[Goal of the exercise] An exact copy of every record is needed, with all pictures omitted.

Saved data entries
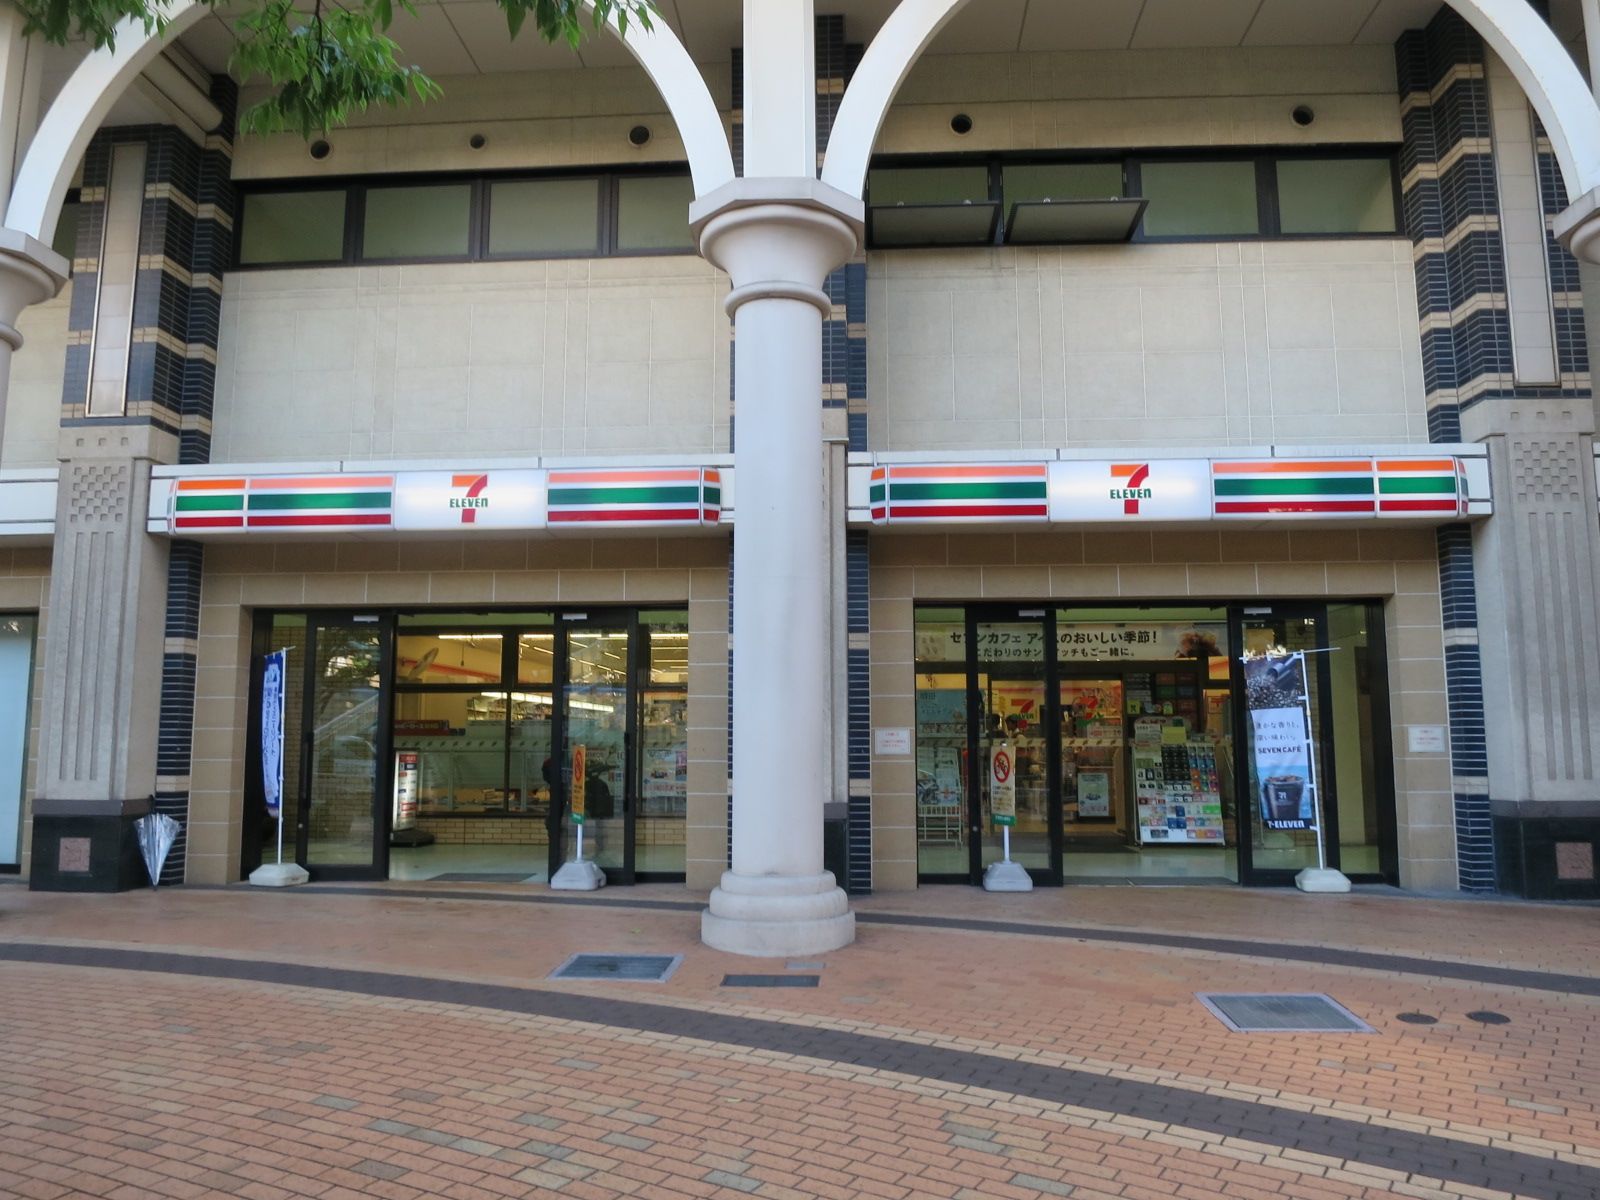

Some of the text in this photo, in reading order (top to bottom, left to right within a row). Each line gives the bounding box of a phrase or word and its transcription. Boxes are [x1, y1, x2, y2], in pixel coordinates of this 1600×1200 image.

[452, 474, 487, 523] 7
[1110, 463, 1149, 514] 7
[950, 630, 1157, 645] センカフェ アのおいしい季節!
[1258, 744, 1302, 754] SEVEN CAFÉ
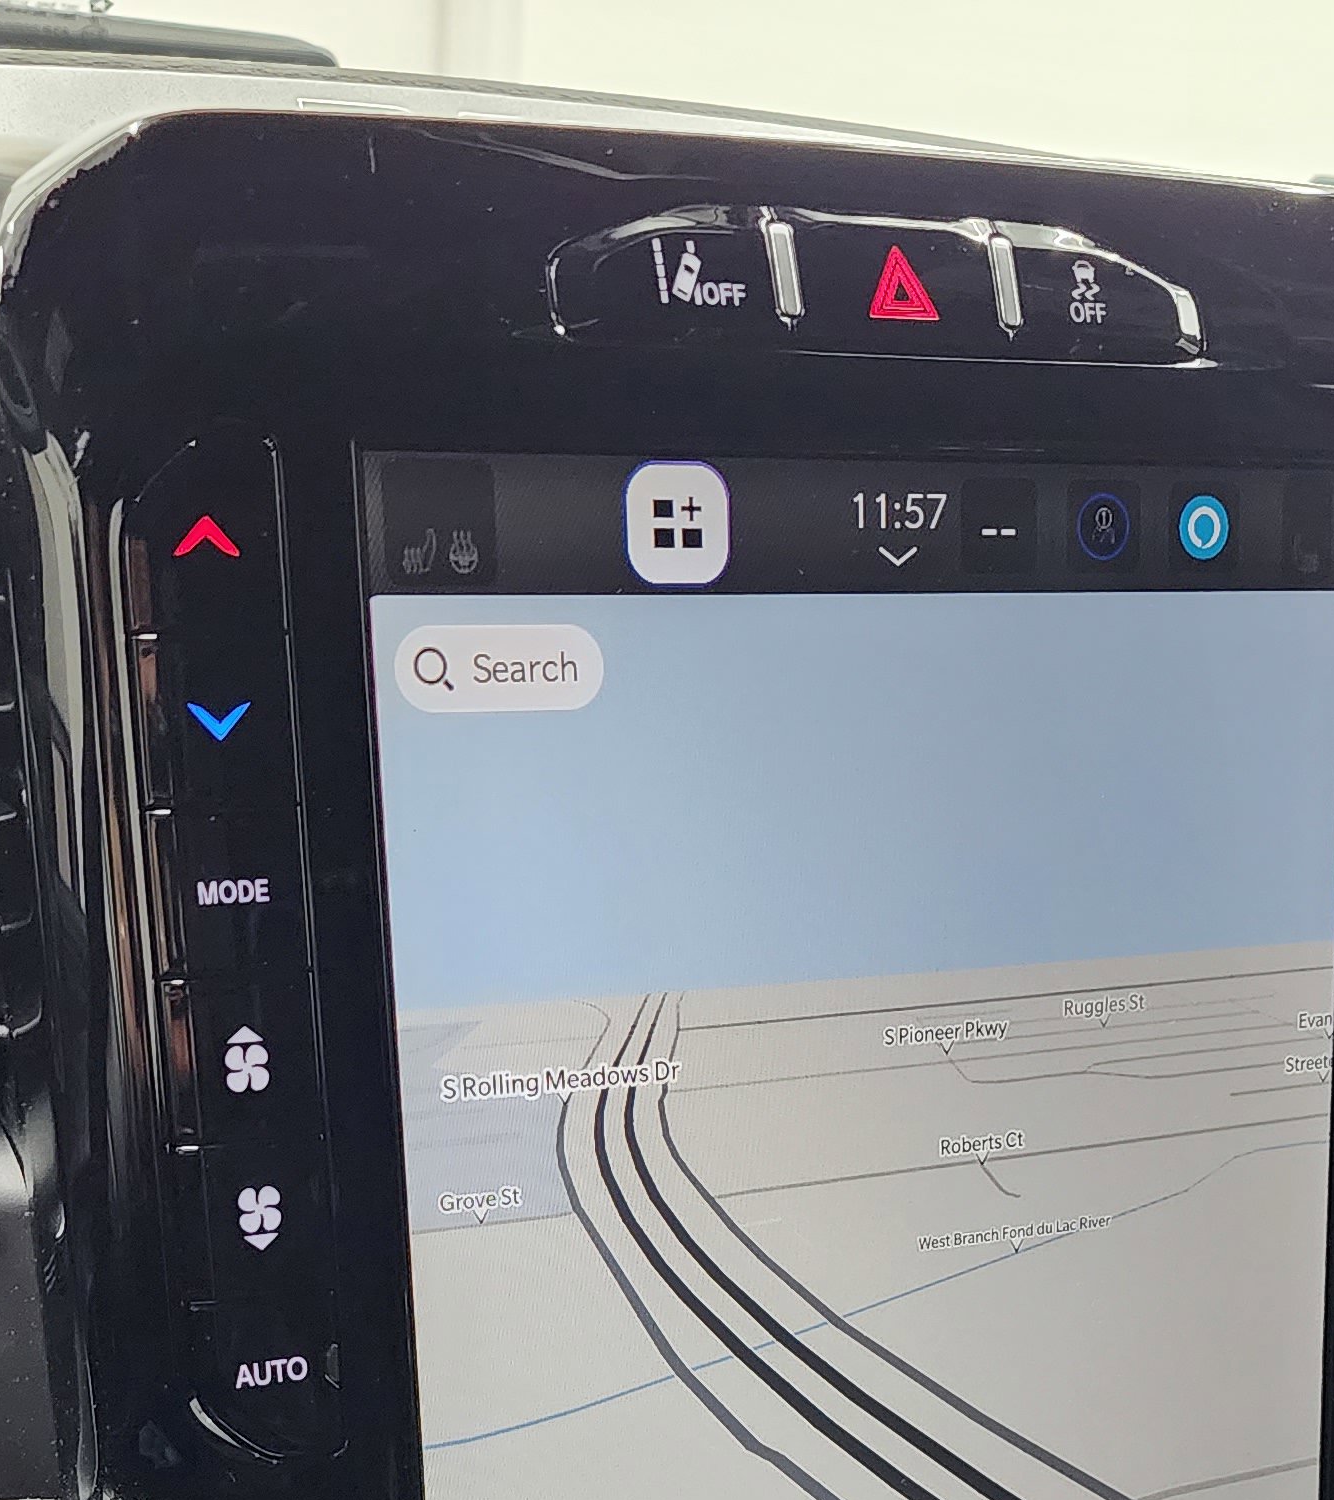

[Answer for the task]
Some of the text in this photo, in reading order (top to bottom, left to right within a row). Each line gives the bounding box of a phrase or word and its transcription. Boxes are [x1, y1, x2, y2], in pixel coordinates of this 1600×1200 image.

[452, 474, 487, 523] 7
[1110, 463, 1149, 514] 7
[950, 630, 1157, 645] センカフェ アのおいしい季節!
[1258, 744, 1302, 754] SEVEN CAFÉ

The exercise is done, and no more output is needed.